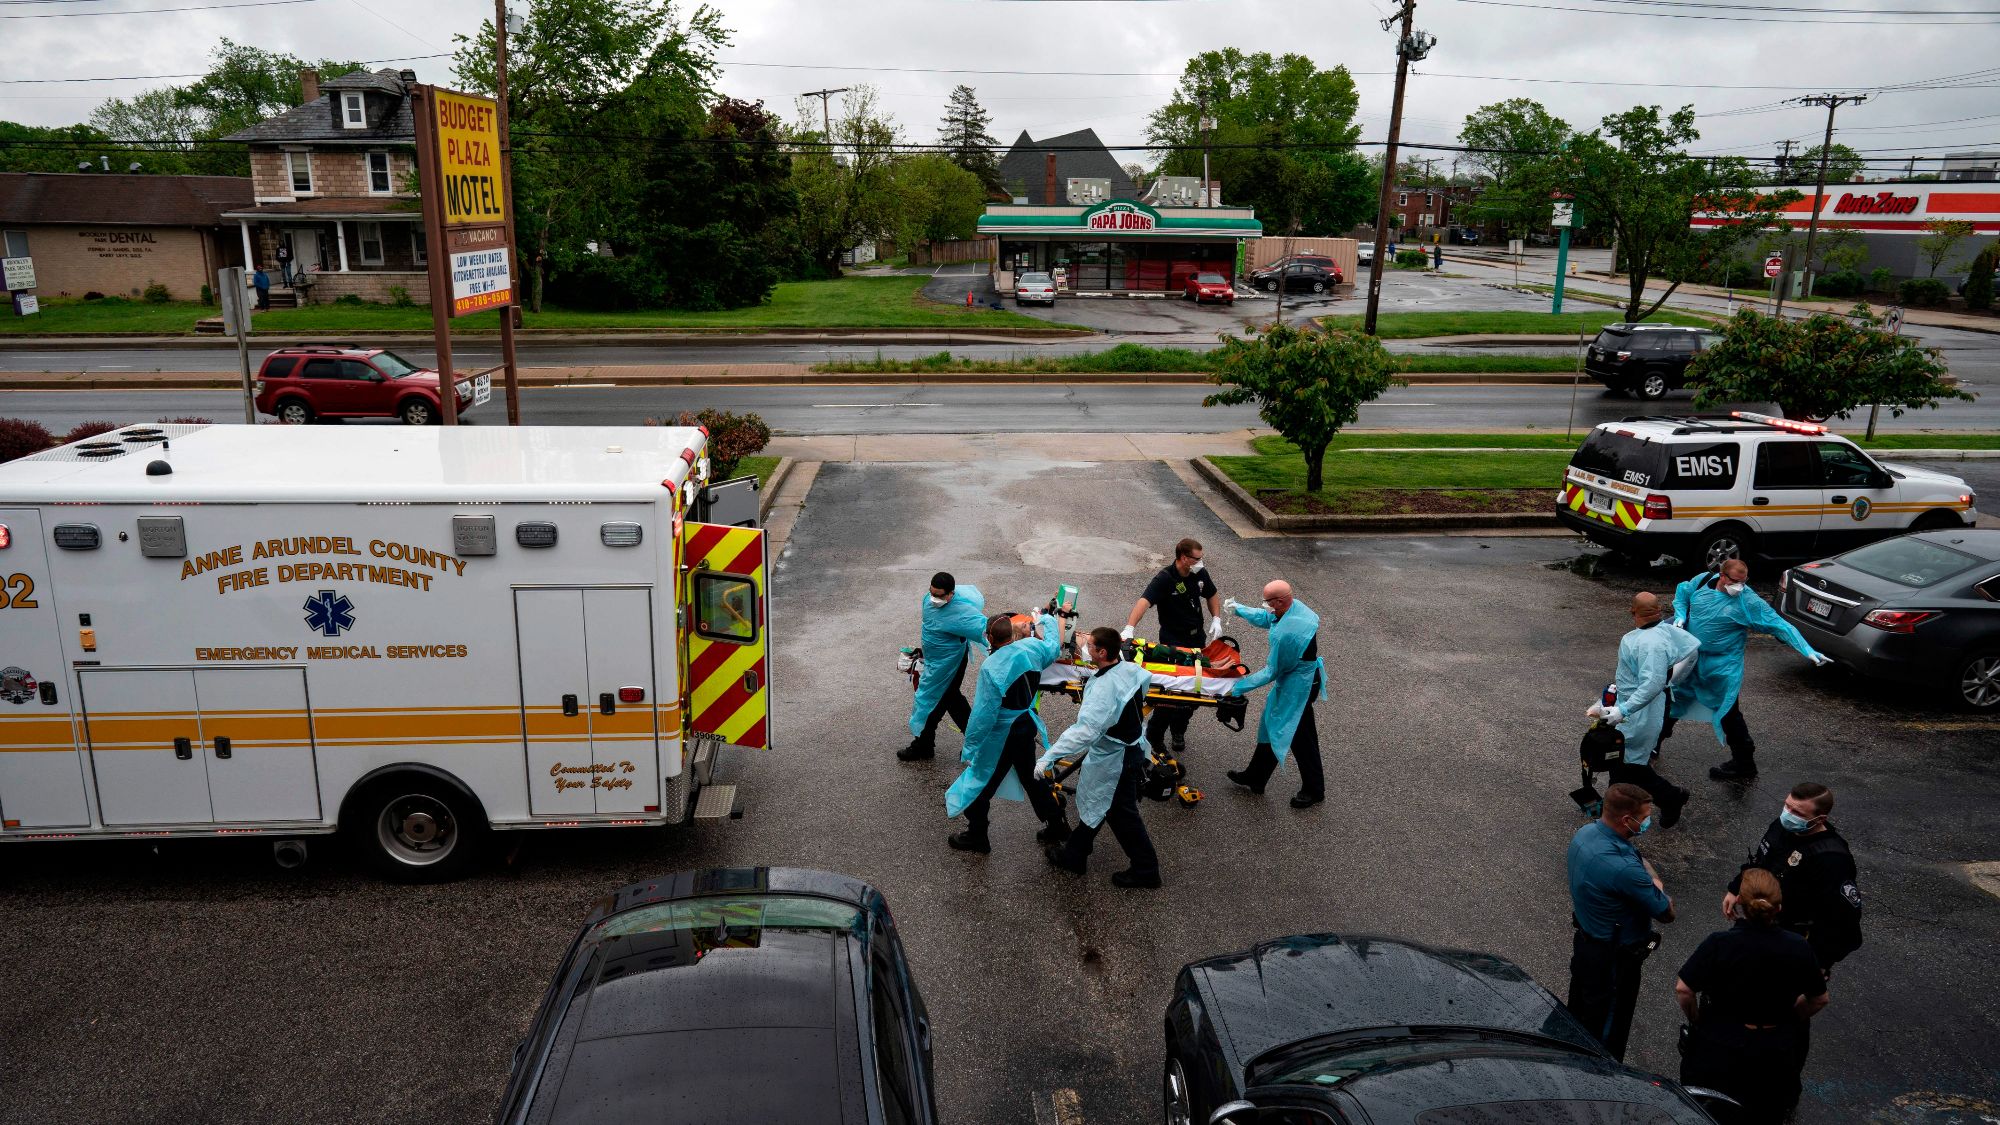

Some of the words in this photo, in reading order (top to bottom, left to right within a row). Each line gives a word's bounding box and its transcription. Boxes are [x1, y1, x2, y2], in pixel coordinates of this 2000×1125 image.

[439, 100, 492, 132] BUDGET
[448, 138, 490, 166] PLAZA
[446, 175, 500, 215] MOTEL
[1833, 192, 1919, 214] AutoZone
[1092, 214, 1117, 228] PAPA
[109, 232, 157, 243] DENTAL
[469, 229, 497, 242] VACANCY
[457, 255, 467, 267] LOW
[469, 253, 486, 266] WEEKLY
[488, 252, 502, 263] RATES
[453, 268, 484, 282] KITCHENETTES
[486, 265, 507, 277] AVAILABLE
[469, 283, 481, 294] FREE
[1676, 455, 1733, 477] EMS1
[1623, 470, 1651, 486] EMS1
[181, 545, 243, 580] ANNE
[252, 536, 361, 560] ARUNDEL
[369, 540, 467, 577] COUNTY
[218, 568, 269, 594] FIRE
[278, 563, 433, 592] DEPARTMENT
[195, 646, 298, 660] EMERGENCY
[306, 646, 381, 660] MEDICAL
[386, 645, 468, 658] SERVICES
[694, 731, 727, 743] 390622
[550, 762, 616, 776] Committed
[619, 761, 635, 774] To
[555, 777, 586, 793] Your
[590, 776, 633, 791] Safety
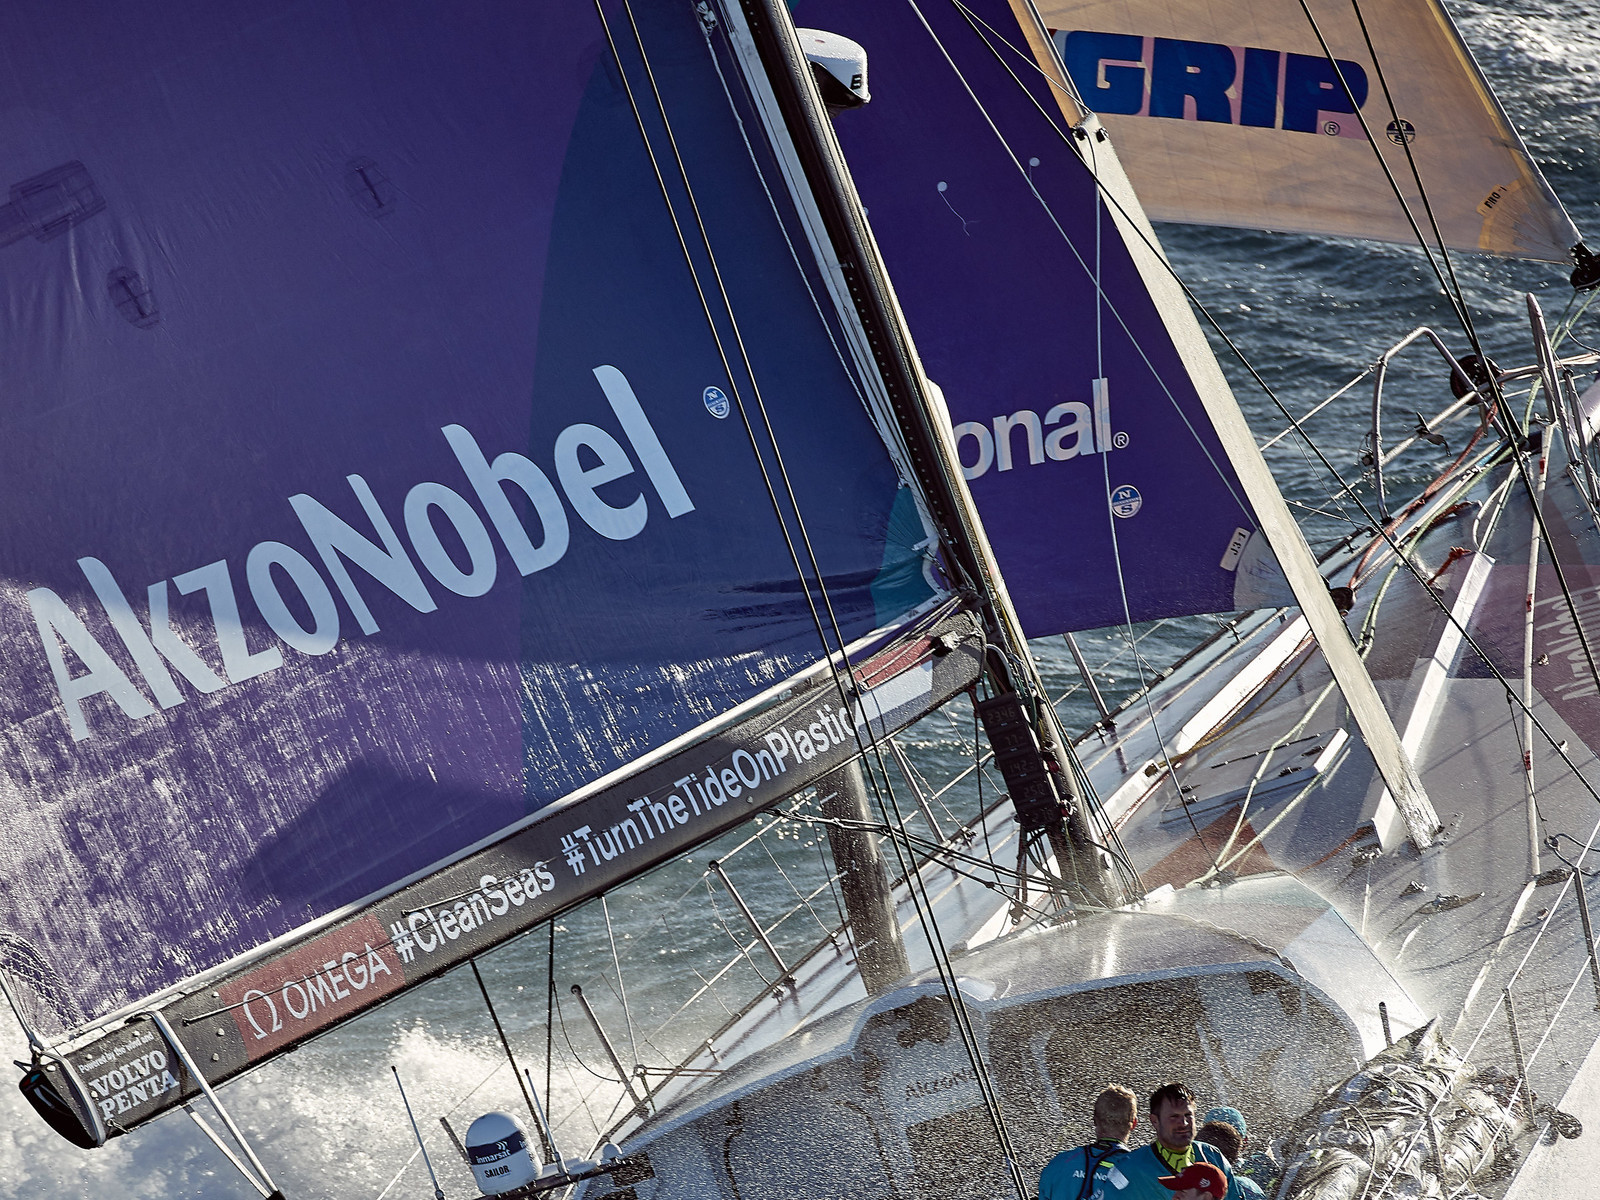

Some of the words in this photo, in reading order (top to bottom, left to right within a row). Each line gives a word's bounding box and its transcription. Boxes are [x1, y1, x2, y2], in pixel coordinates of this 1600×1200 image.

[28, 364, 695, 742] AkzoNobel
[561, 704, 857, 876] #TurnTheTideOnPlastic
[389, 861, 556, 963] #CleanSeas
[282, 943, 392, 1019] OMEGA
[88, 1050, 167, 1098] VOLVO
[98, 1070, 180, 1121] PENTA
[484, 1165, 510, 1178] SAILOR
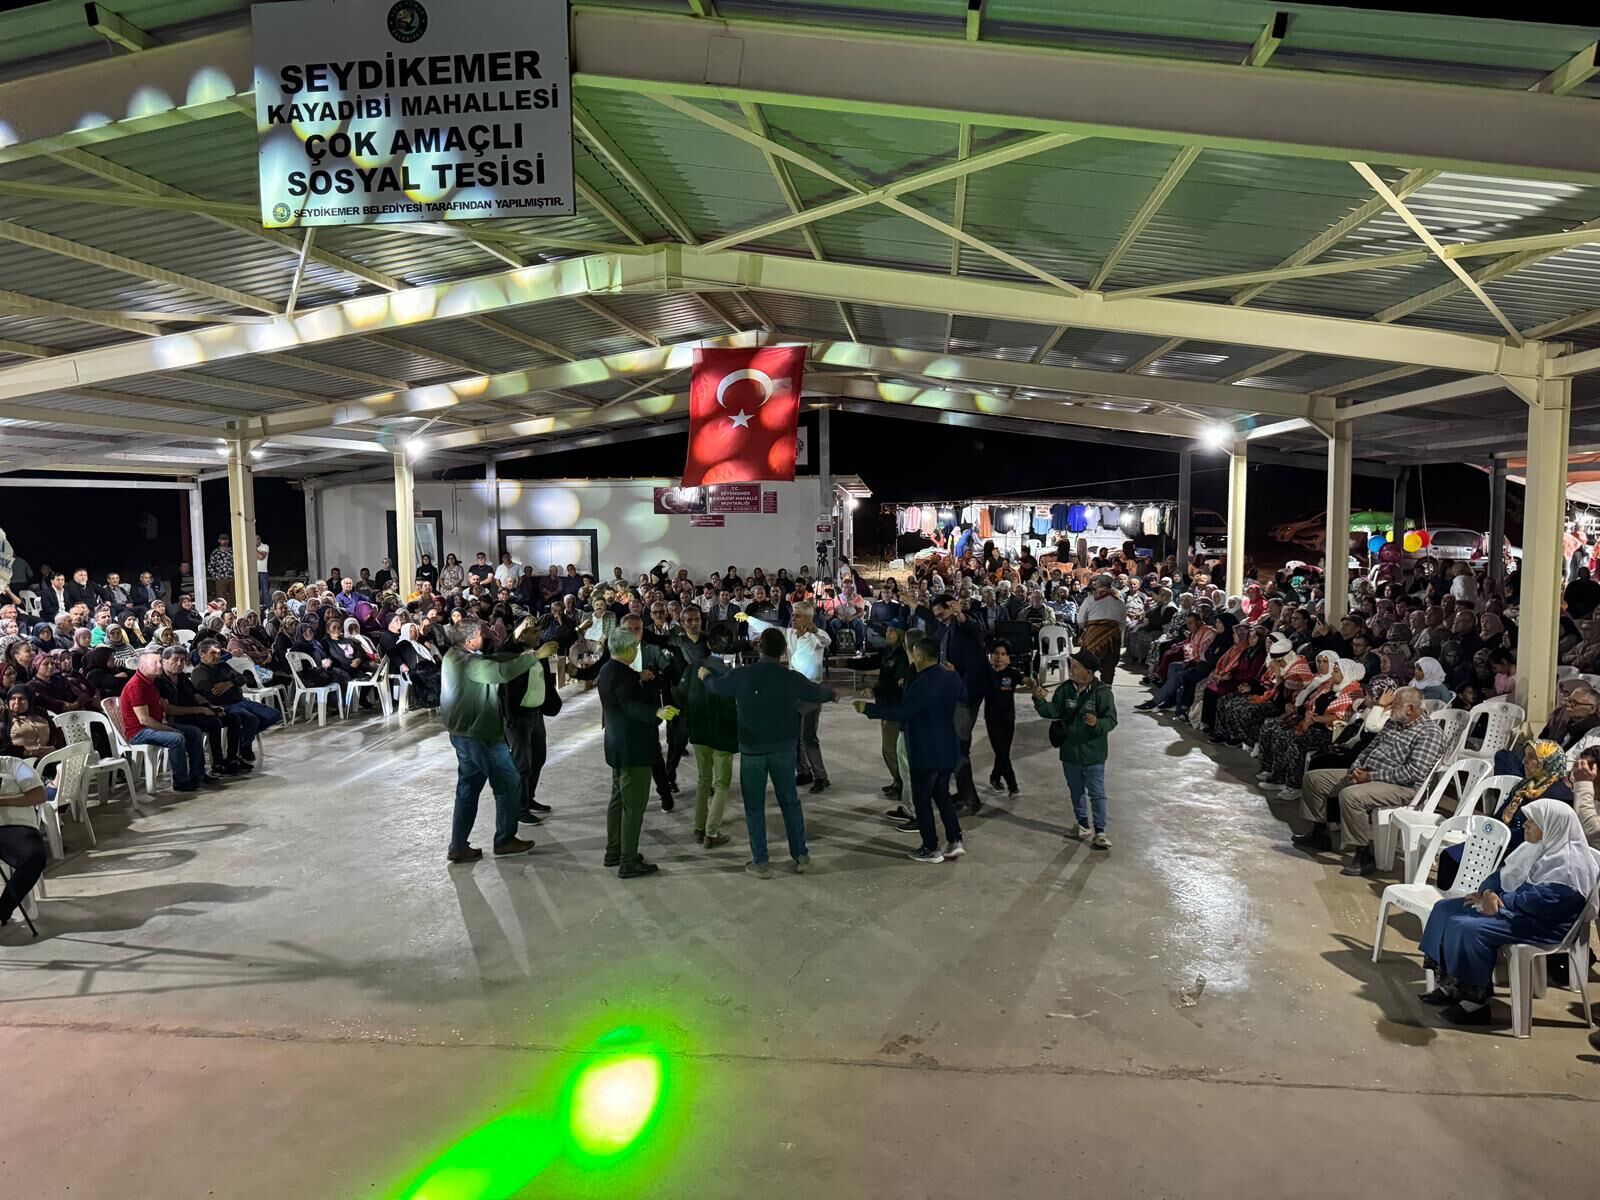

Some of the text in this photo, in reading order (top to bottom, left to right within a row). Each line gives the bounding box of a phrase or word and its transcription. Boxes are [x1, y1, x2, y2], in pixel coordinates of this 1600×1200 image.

[280, 50, 542, 94] SEYDİKEMER
[267, 83, 559, 124] KAYADİBİ MAHALLESİ
[305, 123, 523, 166] ÇOK AMAÇLI
[287, 152, 545, 196] SOSYAL TESİSİ
[293, 206, 360, 218] SEYDİKEMER
[362, 202, 423, 214] BELEDİYESİ
[426, 200, 492, 212] TARAFINDAN
[495, 197, 565, 209] YAPILMIŞTIR.
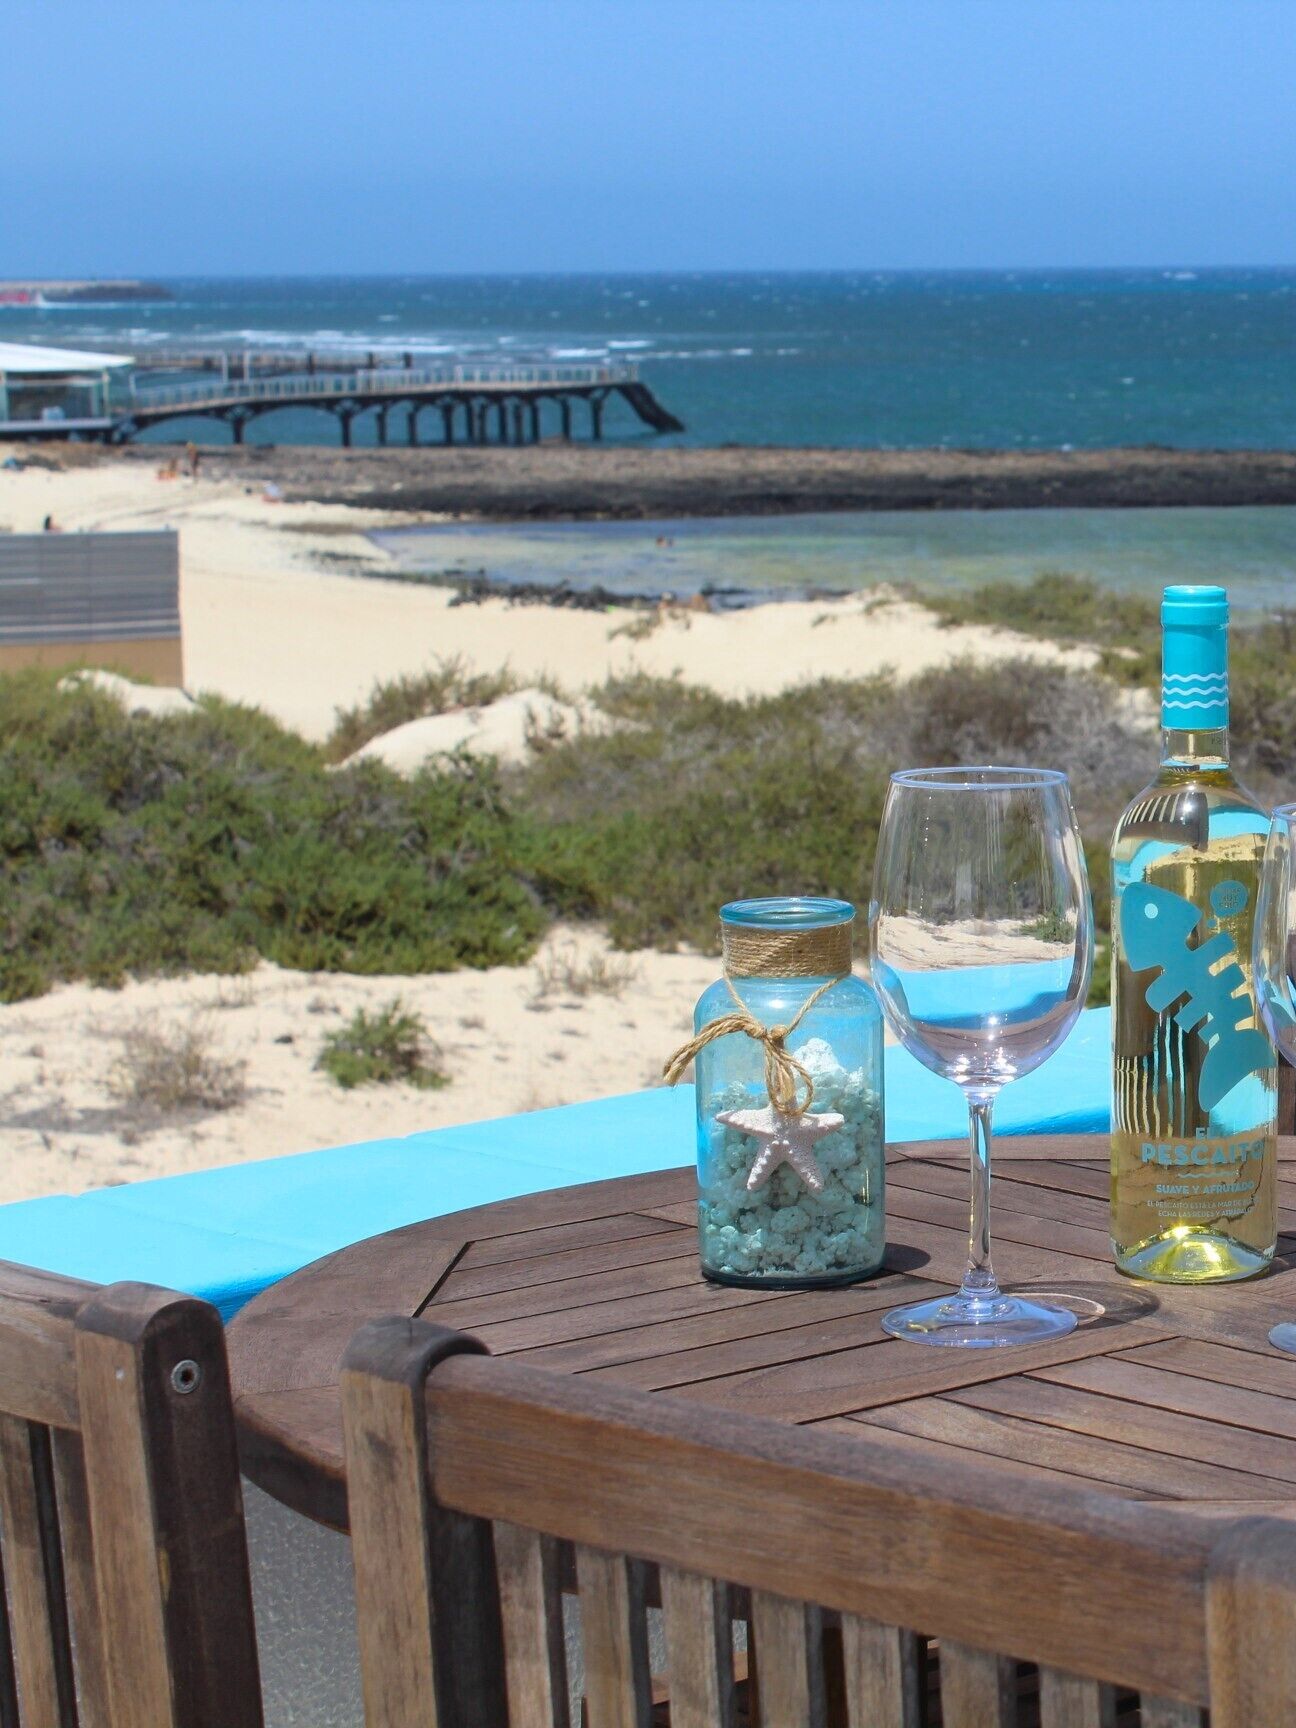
* * * *
Exercise description:
Please output the material as written, apart from the images.

Task output:
Some of the words in this photo, in reading order (top to bottom, left to right within a row). Each line gives a word's bounding box and its transcription. Boxes are [x1, y1, x2, y2], in pixel coordinates of this 2000×1125 image.

[439, 100, 492, 132] BUDGET
[448, 138, 490, 166] PLAZA
[446, 175, 500, 215] MOTEL
[1833, 192, 1919, 214] AutoZone
[1092, 214, 1117, 228] PAPA
[109, 232, 157, 243] DENTAL
[469, 229, 497, 242] VACANCY
[457, 255, 467, 267] LOW
[469, 253, 486, 266] WEEKLY
[488, 252, 502, 263] RATES
[453, 268, 484, 282] KITCHENETTES
[486, 265, 507, 277] AVAILABLE
[469, 283, 481, 294] FREE
[1676, 455, 1733, 477] EMS1
[1623, 470, 1651, 486] EMS1
[181, 545, 243, 580] ANNE
[252, 536, 361, 560] ARUNDEL
[369, 540, 467, 577] COUNTY
[218, 568, 269, 594] FIRE
[278, 563, 433, 592] DEPARTMENT
[195, 646, 298, 660] EMERGENCY
[306, 646, 381, 660] MEDICAL
[386, 645, 468, 658] SERVICES
[694, 731, 727, 743] 390622
[550, 762, 616, 776] Committed
[619, 761, 635, 774] To
[555, 777, 586, 793] Your
[590, 776, 633, 791] Safety

Some of the words in this photo, in reading order (top to bottom, left to right within a row). Each line gives a word's bounding box and its transcription. Boxes are [x1, y1, x2, y2], in pixel coordinates of this 1600×1200 image.

[28, 364, 695, 742] AkzoNobel
[561, 704, 857, 876] #TurnTheTideOnPlastic
[389, 861, 556, 963] #CleanSeas
[282, 943, 392, 1019] OMEGA
[88, 1050, 167, 1098] VOLVO
[98, 1070, 180, 1121] PENTA
[484, 1165, 510, 1178] SAILOR

Some of the text in this photo, in reading order (top to bottom, left to right within a row). Each line gives the bounding box of a phrase or word and its transcription. Boxes are [x1, y1, x2, y2], in pixel coordinates of this 1600×1200 image.

[280, 50, 542, 94] SEYDİKEMER
[267, 83, 559, 124] KAYADİBİ MAHALLESİ
[305, 123, 523, 166] ÇOK AMAÇLI
[287, 152, 545, 196] SOSYAL TESİSİ
[293, 206, 360, 218] SEYDİKEMER
[362, 202, 423, 214] BELEDİYESİ
[426, 200, 492, 212] TARAFINDAN
[495, 197, 565, 209] YAPILMIŞTIR.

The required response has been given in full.